Éditions Sygne Gallimard, 174 pages, septembre 2024
Quand j’ai une petite baisse de moral un petit Fabrice Caro et hop ! ça va mieux, ça marche à tous les coups : depuis Le Discours, Figurec, Brodway, et Samouraï
Je ne me lasse pas de son humour mais il est vrai qu’il m’étonne un peu moins ce qui explique que je ne mette pas à chaque fois 5 coquillages, c’est un peu injuste mais pour l’humour je crois qu’il faut un effet de surprise.
Donc, notre éternel narrateur, celui qui est toujours mal à l’aise dans les situations quotidiennes mais qu’il sait si bien décrire, doit faire face à deux challenges terribles : vider la maison familiale car sa mère est morte récemment, et passer Noël ; comme tous les ans avec son frère et sa belle sœur qui l’horripile complètement.
Mais là : stop ! danger , et quel danger ! Il se rend compte que lorsque les gens l’énervent trop comme cet homme qui est passé devant lui à la caisse du supermarché, ils meurent brutalement d’AVC. Alors Corine, sa belle sœur qui fait toujours mieux que tout le monde, qui sert toujours à ses deux fils les deux cuisses de poulet avant de demander si les autres en veulent, Corine, celle qui doit monter la tête à son mari pour que les deux frères débarrassent au plus vite la maison, c’est sûr à Noël elle va faire un AVC.
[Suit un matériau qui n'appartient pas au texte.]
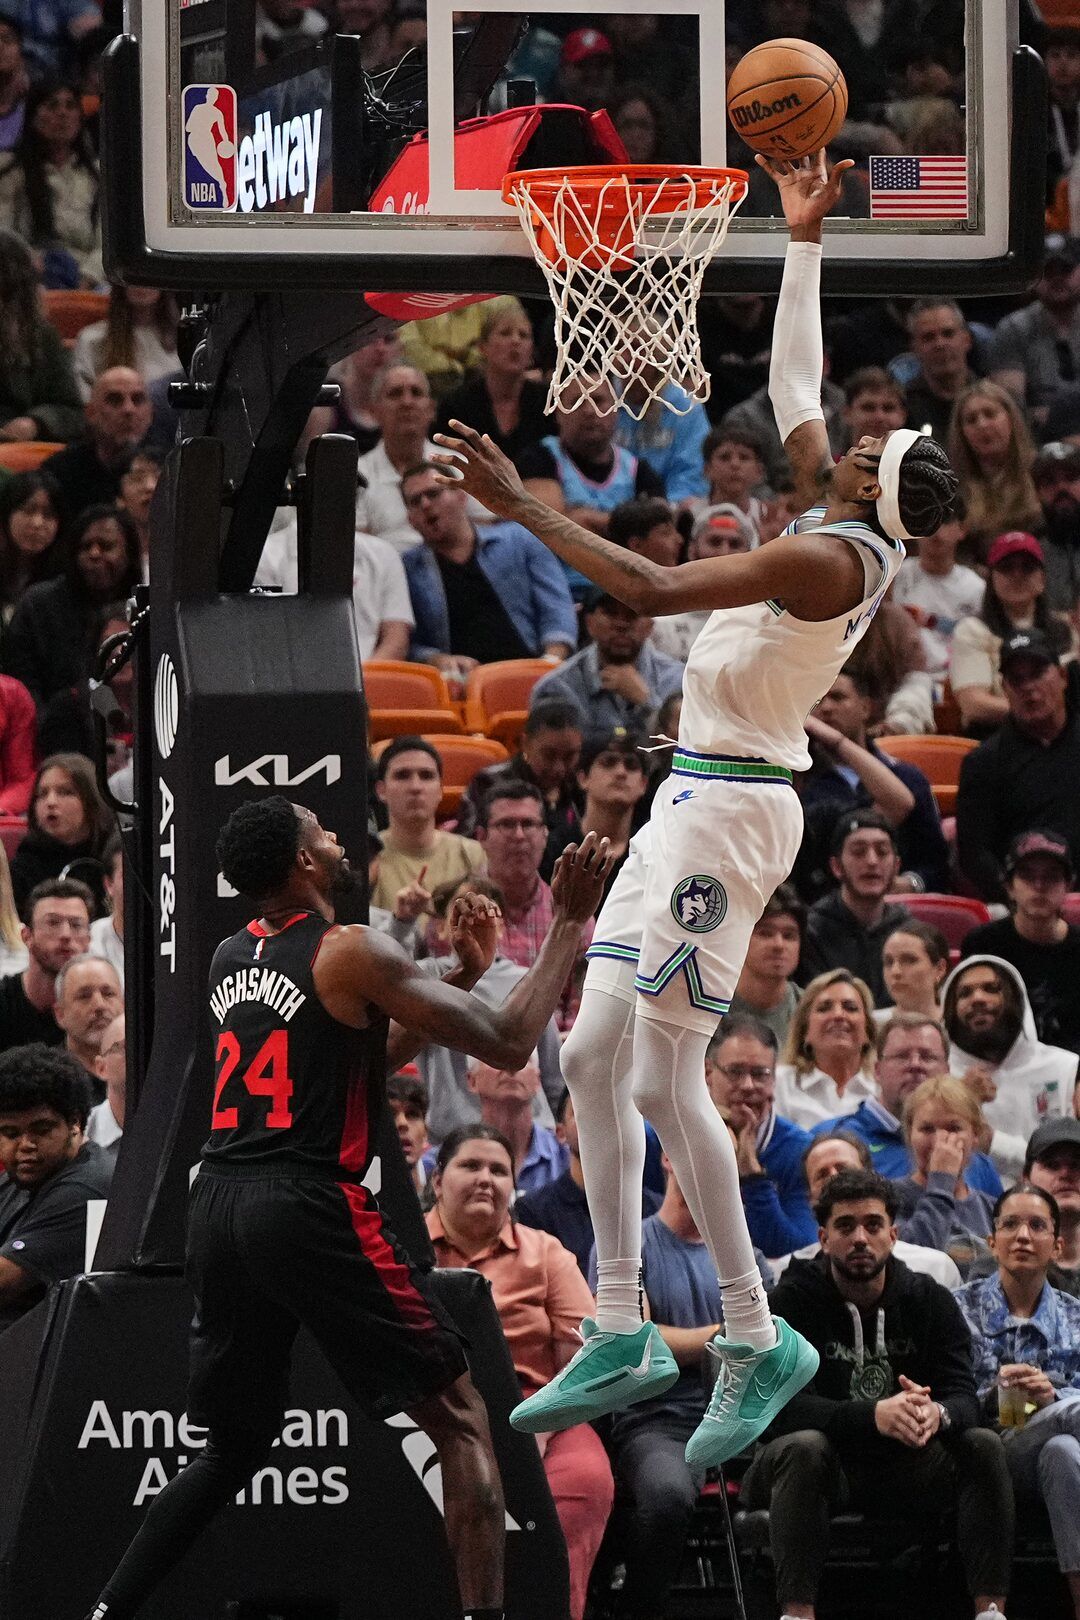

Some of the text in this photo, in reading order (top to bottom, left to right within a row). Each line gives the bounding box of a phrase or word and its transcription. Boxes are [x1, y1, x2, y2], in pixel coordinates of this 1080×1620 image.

[731, 93, 802, 128] Wilson
[229, 108, 323, 213] etway
[191, 183, 217, 203] NBA
[214, 754, 341, 786] KIA
[159, 776, 176, 974] AT&T
[209, 967, 307, 1025] HIGHSMITH
[211, 1029, 293, 1130] 24
[77, 1400, 349, 1449] Amean
Les scènes sont toujours aussi pleine d’humour, mais le récit tient moins bien la route enfin selon moi. Mais si vous avez une petite baisse de moral, si le chien de votre voisin vous énerve, si vous n’avez pas envie d’aller à une fête de famille, vous pouvez tout à fait lire ce roman et vous sentir mieux.
Extraits
Début.
Je m’étais absenté une minute à peine, le temps de retourner chercher les sacs poubelles que j’avais oubliés. Quand je suis revenu à la caisse, un type avait fait passer son caddy devant le mien et avait commencé à déposer ses produits sur le tapis roulant. Je me suis retrouvé derrière lui, hagard et désemparé. Il m’a lancé un regard furtif, a replongé le nez dans ses courses, puis m’a regardé à nouveau.– oh, le caddie était à vous ?Cette phrase expéditive était censée l’excuser Elle signifiait qu’il n’avait pas fait attention qu’un caddie était là. Il l’avait machinalement écarté, pour faire passer le sien, en se disant que quelqu’un l’avait probablement oublié. À aucun moment son intention n’avait été de doubler quiconque tout ça n’était qu’un malentendu sans grande importance. Tel était le message.
Humour grinçant.
Nous ne parlions plus la même langue, nous étions deux frères ancestraux s’étant perdus en cours de route, un Israélien et un Palestinien autour d’un café allongé.
Pas très proche de son frère.
Il était déjà attablé quand je suis arrivé. Il s’est levé pour me faire la bise. Nous nous étions tellement éloignés ces dernières années que j’avais toujours la sensation de faire la bise à une statue d’ancien militaire oubliée sur une place de village. Embrasser un contrôleur de la SNCF pris au hasard sur un quai de gare , ne m’aurait pas mis moins à l’aise. Nos joues s’effleuraient à peine. La distance croissante qui les séparaient année après année témoignait de la distance qui s’installait entre nous. A ce rythme dans dix ans, nous nous ferions la bise en maintenant nos joues à vingt centimètres l’une de l’autre.
Nature et découverte à Noël .
Je me suis mis à errer au hasard au milieu de jouets en bois, des jeux de société en bois de vélo en bois de vêtements en bois, les vendeurs étaient probablement en bois aussi.
Les téléphones portables.
Les boutiques s’ajoutaient à tous ces lieux publics que l’être humain avaient fini par rendre infréquentables par sa seule présence, les trains, les salles de cinéma, les rues. Les gens se croyaient dans leur salon partout où ils allaient. Le portable avait abattu les cloisons de l’intime qui s’était vulgairement déversé dans l’espace public de sorte que tout lieu était devenu invivable. Sartre avait en partie raison, il n’avait simplement pas pu aller au bout de son raisonnement : l’enfer c’est les autres avec du réseau.